“Shine” came running back from the bows and joined the men who were taking the hose from its metal-sheathed box. “Banana fritters fer ours,” he said. “It’s the fruit pier!” And Keighley observed that some of the men laughed, that the others at least smiled, and that Lieutenant Moore was the only one who remained out of reach of the invitation to good humor. The captain returned forward again, frowning thoughtfully.
The pier shed, as they swung in towards it, was fuming at every door with puffs of a heavy smoke from the burning grasses in which the fruit was packed; and Keighley saw that the fire was going to be—in department slang—a “worker.” He could see the “steamers” of two shore companies drawing water from the end of the slip. He understood that their crews were in the shed, trying to drive the fire forward; and he knew that it would be his duty to enter from the other end of the pier and catch the flames between the two attacks.
He shouted to the pilot, “Hol’ us up to the door there!” He ran back to Lieutenant Moore. “Stay aboard here,” he ordered. “If the blaze shows in the roof, take the top off her with the monitor. Go slow, though. Don’t bring it down onto us.” He called to the men, “Throw out yer lines! Make fast, now! Hang on to that line aft! Hol’ it! Hol’ it.... All right. Stretch in. In through the door here! Come on!”
He jumped up on the bulwarks as the engines reversed with a frantic churning astern. And then he saw a flicker of flame glimmer and grow between the timbers of the cribwork, just above the water line, half way up the dock.
“Hol’ on!” he cried to the four men who had leaped to the pier. “Drop one o’ those lines. Take yer axes. Chop a hole in the floor planks inside. The fire’s ’n underneath.”
The men who were aboard the Hudson tossed the axes out to the others, and these rushed into the smoke, dragging the single line of hose. Keighley said to the Lieutenant, “Go in an’ take charge there. See ’at no one gets lost in that smoke.” Moore scrambled to the pier, and the captain ran forward along the bulwarks, peering down for an opening between the stringers of the cribbing.

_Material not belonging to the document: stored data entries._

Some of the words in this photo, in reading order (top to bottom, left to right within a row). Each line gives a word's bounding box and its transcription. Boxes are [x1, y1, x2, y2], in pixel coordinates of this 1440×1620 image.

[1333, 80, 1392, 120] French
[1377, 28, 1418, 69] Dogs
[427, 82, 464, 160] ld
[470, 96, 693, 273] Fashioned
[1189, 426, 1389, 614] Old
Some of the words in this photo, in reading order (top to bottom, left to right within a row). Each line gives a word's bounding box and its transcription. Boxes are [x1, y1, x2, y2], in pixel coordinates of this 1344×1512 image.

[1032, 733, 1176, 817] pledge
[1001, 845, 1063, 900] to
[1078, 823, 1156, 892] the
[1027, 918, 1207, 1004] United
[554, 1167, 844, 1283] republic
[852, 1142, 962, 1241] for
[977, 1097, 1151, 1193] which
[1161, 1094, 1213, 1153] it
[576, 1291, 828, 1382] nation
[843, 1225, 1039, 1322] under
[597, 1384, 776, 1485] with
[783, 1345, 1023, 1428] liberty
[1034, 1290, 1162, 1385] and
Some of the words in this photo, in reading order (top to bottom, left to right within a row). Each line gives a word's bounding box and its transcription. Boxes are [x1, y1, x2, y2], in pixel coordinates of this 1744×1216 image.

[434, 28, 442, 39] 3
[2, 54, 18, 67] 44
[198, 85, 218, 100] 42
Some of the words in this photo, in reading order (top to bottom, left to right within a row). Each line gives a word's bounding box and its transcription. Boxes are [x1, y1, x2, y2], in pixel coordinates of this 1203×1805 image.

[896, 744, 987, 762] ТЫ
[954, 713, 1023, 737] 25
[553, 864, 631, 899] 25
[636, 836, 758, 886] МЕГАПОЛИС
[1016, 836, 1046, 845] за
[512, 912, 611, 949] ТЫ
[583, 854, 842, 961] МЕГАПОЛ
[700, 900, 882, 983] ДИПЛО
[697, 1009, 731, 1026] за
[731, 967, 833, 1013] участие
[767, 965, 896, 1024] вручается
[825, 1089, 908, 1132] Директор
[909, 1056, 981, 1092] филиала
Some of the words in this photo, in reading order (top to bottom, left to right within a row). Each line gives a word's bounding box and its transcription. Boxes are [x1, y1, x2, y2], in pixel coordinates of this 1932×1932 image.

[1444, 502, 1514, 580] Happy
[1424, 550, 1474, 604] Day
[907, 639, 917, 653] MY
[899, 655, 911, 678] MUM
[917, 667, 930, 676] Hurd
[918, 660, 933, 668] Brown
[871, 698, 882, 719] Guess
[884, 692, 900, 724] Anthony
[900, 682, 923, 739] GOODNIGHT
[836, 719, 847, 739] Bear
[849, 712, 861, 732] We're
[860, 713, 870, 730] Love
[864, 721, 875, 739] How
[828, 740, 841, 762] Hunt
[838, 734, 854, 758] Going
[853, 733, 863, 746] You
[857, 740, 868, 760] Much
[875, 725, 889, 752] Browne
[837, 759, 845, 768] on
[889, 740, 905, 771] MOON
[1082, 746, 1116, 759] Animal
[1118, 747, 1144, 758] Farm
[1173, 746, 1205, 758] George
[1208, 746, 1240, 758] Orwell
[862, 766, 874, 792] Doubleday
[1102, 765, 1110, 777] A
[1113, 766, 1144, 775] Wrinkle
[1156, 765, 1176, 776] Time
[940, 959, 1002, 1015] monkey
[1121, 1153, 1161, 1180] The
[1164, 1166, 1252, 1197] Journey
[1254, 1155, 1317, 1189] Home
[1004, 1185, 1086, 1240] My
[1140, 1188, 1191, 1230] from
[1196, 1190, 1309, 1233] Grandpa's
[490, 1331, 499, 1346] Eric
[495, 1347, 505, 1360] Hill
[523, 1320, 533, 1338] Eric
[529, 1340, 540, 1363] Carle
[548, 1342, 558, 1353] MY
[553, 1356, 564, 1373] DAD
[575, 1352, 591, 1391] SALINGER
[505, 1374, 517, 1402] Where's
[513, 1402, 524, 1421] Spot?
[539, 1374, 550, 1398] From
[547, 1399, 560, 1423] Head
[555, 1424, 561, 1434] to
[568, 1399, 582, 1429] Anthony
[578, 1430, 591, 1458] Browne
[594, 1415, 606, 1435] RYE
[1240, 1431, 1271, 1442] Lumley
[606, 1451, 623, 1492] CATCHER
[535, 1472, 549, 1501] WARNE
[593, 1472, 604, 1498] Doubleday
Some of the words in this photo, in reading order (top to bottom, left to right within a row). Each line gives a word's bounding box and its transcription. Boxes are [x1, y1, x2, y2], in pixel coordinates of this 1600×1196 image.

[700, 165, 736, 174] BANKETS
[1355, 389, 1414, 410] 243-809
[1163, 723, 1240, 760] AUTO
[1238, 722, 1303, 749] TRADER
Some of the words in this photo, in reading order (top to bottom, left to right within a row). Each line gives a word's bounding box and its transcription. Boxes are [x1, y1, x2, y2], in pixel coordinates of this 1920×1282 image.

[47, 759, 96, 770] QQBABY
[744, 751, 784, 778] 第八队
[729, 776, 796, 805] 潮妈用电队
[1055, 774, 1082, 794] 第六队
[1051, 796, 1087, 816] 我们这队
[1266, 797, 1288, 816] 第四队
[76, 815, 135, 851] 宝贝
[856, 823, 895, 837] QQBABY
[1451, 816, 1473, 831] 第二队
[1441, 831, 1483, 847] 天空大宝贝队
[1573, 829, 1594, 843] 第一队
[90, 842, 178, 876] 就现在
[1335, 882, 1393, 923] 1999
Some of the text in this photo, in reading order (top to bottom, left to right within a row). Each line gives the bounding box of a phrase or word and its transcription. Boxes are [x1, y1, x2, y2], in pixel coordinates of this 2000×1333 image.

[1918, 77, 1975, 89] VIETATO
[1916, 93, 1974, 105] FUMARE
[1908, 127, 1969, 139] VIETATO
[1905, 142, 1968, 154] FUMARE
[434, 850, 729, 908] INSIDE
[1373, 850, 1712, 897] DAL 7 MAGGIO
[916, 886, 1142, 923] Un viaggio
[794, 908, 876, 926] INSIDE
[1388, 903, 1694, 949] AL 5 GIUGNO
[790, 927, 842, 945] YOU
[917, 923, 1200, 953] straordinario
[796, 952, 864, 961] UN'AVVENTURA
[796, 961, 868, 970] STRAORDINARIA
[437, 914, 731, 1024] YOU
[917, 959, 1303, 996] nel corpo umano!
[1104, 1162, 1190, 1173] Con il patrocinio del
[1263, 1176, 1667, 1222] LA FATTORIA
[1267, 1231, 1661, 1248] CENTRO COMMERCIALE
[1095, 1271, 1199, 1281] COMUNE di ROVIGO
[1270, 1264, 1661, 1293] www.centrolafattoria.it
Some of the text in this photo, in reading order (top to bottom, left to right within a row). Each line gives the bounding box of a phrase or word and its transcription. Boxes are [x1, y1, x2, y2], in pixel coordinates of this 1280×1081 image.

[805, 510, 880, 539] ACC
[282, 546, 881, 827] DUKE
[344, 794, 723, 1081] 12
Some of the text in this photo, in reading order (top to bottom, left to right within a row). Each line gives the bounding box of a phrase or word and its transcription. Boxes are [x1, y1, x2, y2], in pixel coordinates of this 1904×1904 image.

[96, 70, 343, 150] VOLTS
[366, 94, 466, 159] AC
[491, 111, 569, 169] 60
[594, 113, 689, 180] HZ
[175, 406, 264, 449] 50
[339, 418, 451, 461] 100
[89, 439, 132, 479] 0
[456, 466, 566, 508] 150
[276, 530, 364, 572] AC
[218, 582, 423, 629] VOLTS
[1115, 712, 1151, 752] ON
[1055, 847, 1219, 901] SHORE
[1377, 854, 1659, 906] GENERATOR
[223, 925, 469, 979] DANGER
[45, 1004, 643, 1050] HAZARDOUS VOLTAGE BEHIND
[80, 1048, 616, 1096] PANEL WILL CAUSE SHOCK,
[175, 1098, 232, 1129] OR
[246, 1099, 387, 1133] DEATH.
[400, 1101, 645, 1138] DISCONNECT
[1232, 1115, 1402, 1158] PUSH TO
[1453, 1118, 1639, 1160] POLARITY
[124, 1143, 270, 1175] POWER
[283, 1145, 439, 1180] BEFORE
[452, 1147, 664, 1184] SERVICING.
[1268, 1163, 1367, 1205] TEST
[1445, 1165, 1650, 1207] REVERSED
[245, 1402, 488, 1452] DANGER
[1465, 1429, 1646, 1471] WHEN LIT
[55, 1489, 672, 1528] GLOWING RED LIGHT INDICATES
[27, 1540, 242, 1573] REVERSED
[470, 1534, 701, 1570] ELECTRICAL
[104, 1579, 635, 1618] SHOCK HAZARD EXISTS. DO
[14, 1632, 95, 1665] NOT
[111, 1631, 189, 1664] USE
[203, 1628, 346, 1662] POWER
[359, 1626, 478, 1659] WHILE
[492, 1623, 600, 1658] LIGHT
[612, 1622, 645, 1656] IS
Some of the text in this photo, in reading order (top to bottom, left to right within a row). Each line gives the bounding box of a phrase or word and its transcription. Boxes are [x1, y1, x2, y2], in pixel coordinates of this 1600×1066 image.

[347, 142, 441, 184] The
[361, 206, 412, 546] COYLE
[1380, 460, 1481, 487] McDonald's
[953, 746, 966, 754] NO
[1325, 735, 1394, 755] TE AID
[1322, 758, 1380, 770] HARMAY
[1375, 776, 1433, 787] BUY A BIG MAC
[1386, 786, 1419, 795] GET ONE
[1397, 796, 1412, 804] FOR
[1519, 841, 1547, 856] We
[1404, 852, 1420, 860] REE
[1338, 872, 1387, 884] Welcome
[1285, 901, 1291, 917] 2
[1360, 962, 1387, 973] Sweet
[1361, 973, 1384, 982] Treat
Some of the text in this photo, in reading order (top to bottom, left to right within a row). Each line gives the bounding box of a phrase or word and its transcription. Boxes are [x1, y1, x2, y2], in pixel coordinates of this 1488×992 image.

He knew that the crew on the pier would take at least ten minutes to cut a hole through the three-inch planks, in the blind suffocation of that shed; and meanwhile, the fire would travel from end to end of the pier. He could see no opening larger than an inch slit between the foot timbers beside the bow of the boat. He started aft again.
“Shine,” behind him, said, “It’s covered at high water, cap.”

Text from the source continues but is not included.